(Records from a data collection)
=== Section Start ===
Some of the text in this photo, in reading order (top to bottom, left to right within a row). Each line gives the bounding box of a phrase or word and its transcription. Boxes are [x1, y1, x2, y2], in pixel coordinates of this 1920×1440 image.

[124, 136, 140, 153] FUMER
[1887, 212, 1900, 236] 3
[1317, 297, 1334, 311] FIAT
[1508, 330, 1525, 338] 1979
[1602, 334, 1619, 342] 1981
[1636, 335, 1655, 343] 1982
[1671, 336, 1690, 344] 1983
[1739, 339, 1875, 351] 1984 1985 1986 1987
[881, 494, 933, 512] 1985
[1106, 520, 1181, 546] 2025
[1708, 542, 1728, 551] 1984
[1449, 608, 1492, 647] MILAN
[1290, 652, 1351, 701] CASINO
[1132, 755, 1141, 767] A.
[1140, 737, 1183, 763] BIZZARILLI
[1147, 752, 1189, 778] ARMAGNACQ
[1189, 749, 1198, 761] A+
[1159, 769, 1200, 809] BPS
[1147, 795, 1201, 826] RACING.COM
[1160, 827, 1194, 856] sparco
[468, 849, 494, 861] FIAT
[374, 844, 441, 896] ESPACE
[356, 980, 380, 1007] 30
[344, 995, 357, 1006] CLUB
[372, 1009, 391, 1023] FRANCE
=== Section End ===
Task objective
From the first line to the last, please write out the entries exactly.

Task answer
Some of the text in this photo, in reading order (top to bottom, left to right within a row). Each line gives the bounding box of a phrase or word and its transcription. Boxes are [x1, y1, x2, y2], in pixel coordinates of this 1920×1440 image.

[124, 136, 140, 153] FUMER
[1887, 212, 1900, 236] 3
[1317, 297, 1334, 311] FIAT
[1508, 330, 1525, 338] 1979
[1602, 334, 1619, 342] 1981
[1636, 335, 1655, 343] 1982
[1671, 336, 1690, 344] 1983
[1739, 339, 1875, 351] 1984 1985 1986 1987
[881, 494, 933, 512] 1985
[1106, 520, 1181, 546] 2025
[1708, 542, 1728, 551] 1984
[1449, 608, 1492, 647] MILAN
[1290, 652, 1351, 701] CASINO
[1132, 755, 1141, 767] A.
[1140, 737, 1183, 763] BIZZARILLI
[1147, 752, 1189, 778] ARMAGNACQ
[1189, 749, 1198, 761] A+
[1159, 769, 1200, 809] BPS
[1147, 795, 1201, 826] RACING.COM
[1160, 827, 1194, 856] sparco
[468, 849, 494, 861] FIAT
[374, 844, 441, 896] ESPACE
[356, 980, 380, 1007] 30
[344, 995, 357, 1006] CLUB
[372, 1009, 391, 1023] FRANCE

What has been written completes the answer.